Kieran dentro de la música electrónica también es un pensador, que aprovecha sus estudios formales de matemáticas y computación, realizados en la Universidad de Manchester, de la que es egresado. Es un tipo con influencia académica, pues su padre es sociólogo, a la que suma su propia formación, para meditar cuidadosamente cada elemento de sus creaciones.

Nos encontramos siguiéndole la pista a Four Tet dado que acaba de editar su décimo álbum de estudio; Sixteen Oceans (Text Records) es todo un acontecimiento, pues incluye material de ambas vertientes ya señaladas más una tercera que nos enseña que también sigue con atención al pop contemporáneo y lo asimila, tal como lo exhibe en “Baby” –el sencillo de anticipo- y en el que samplea la voz de Ellie Goulding.

El músico expresó su preocupación acerca de que el disco apareciera justo en medio de la contingencia sanitaria provocada por el Covid-19, pero siguió adelante y sus seguidores inmediatamente le hicieron sentir que hizo bien. Esto conecta con lo que expuso Brian Eno aquella mañana: la música es un bálsamo tanto para el cuerpo como para el alma.

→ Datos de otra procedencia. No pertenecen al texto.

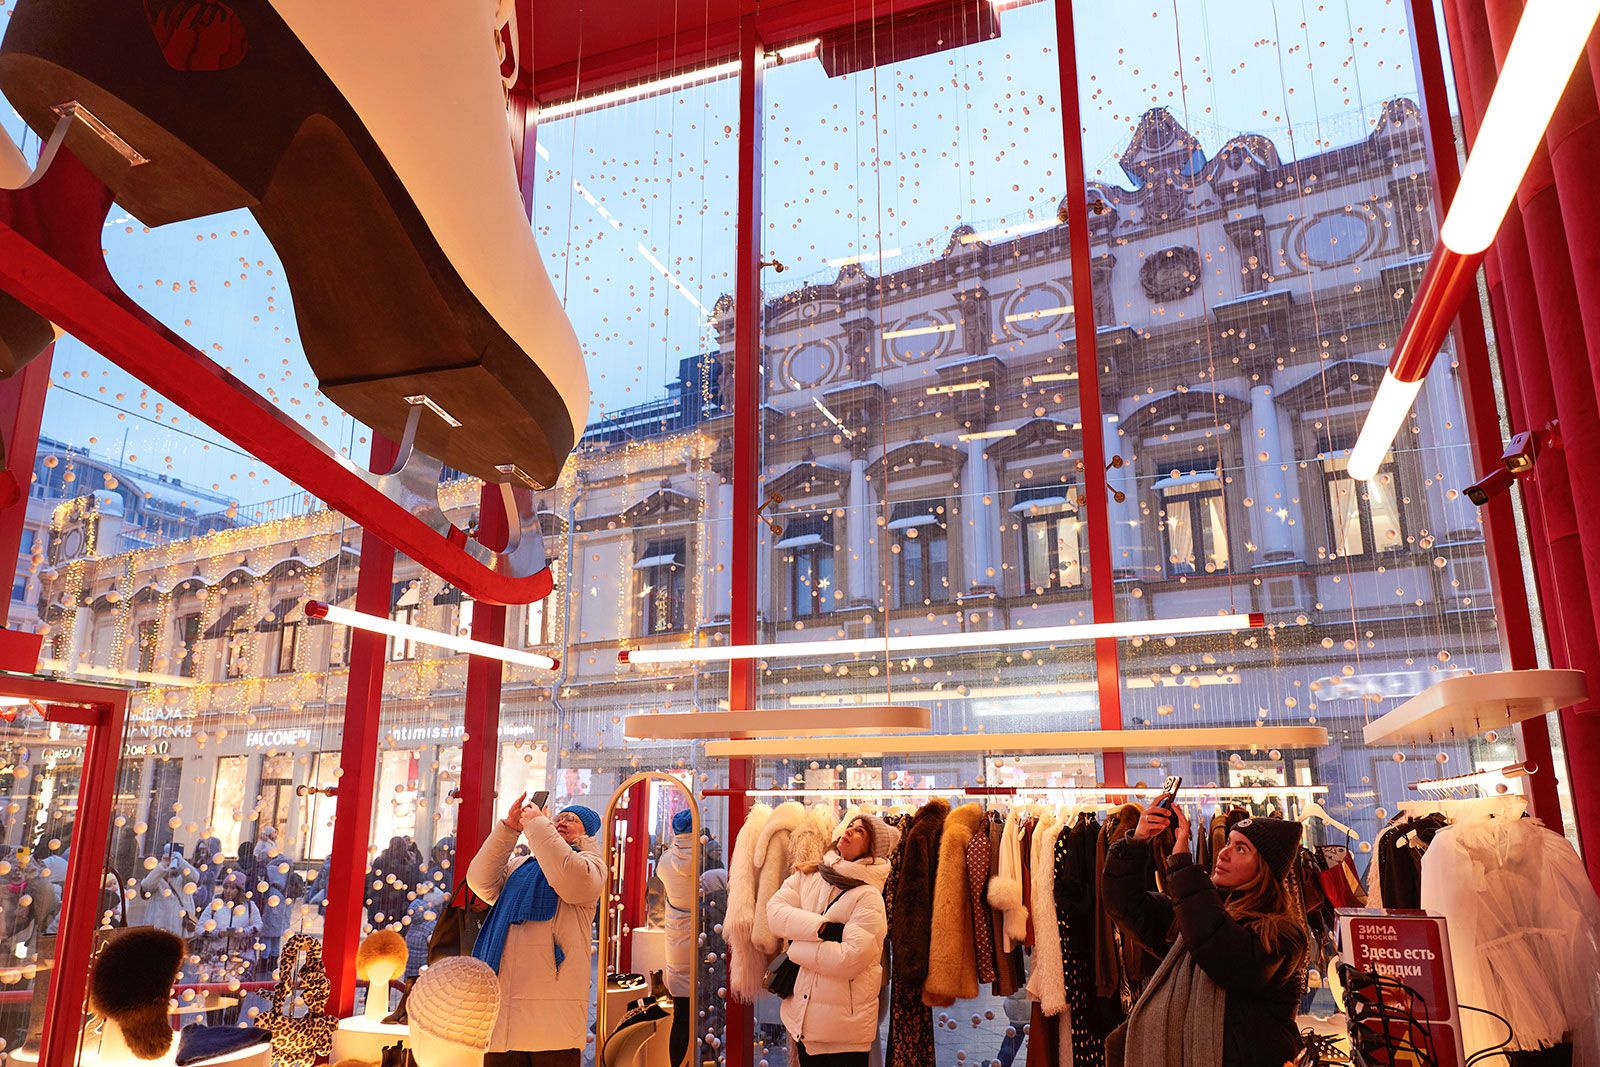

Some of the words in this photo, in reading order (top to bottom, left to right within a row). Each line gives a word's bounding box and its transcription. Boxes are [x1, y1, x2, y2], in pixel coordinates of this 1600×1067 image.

Sixteen Oceans es excelente para acompañar el recogimiento e intercala temas más contemplativos con unos cuantos en los que pisa el acelerador e irradia energía; esto último me parece lo más destacado del álbum: “Love salad” y “Insect Near Piha Beach”, en la que sobresale la presencia de un arpa.

A lo largo de la carrera de Fourt Tet aparecen ciertos elementos étnicos que quizá provienen de la familia de su madre, quien es de origen sudafricano, aunque ha explorado mayormente los sonidos procedentes de la India y el resto del continente asiático. Todo lo que incluye amplifica la experiencia y le aporta mayor sofisticación; resulta algo imperdible de escuchar con audífonos y ponerse a viajar, desde el comienzo con “School”, que representa a esa parte más melódica.

Sixteen Oceans se muestra como un resumen de toda su carrera y una prolongación de lo que ya venía entregando en directo; el disco en vivo desde la O2 Arena que editó el año pasado ya era un condensado de sus intereses estéticos y las distintas sendas por las que transita como si fuera un explorador de la naturaleza y de las aves –sonidos de pájaros e insectos entran y salen a lo largo de esta obra-.

Ya anteriormente Four Tet había mostrado todo lo que puede lograr trabajando con una Laptop (publicó una foto de su máquina delante a una ventana y enfatizó que puede crear únicamente con ella).  Ahora decidió anticipar la llegada de Sixteen Oceans con la imagen de un Post-it colocado en sus redes sociales; simplemente decía: “el álbum está hecho” e incluía la lista de piezas.

Disfrutemos este momento de plenitud creativa que alarga la sorpresa que trajo consigo el Ep Anna Painting del año pasado y que surgió de una colaboración con la pintora Anna Liber Lewis. Sixteen Oceans tiene lugar para el remanso, pero también para bailar desde nuestro reducto doméstico. Four Tet siempre es garantía, jamás deja de ser consistente y excelso, pero ante todo es un tipo humilde y generoso. Celebración por todos lados.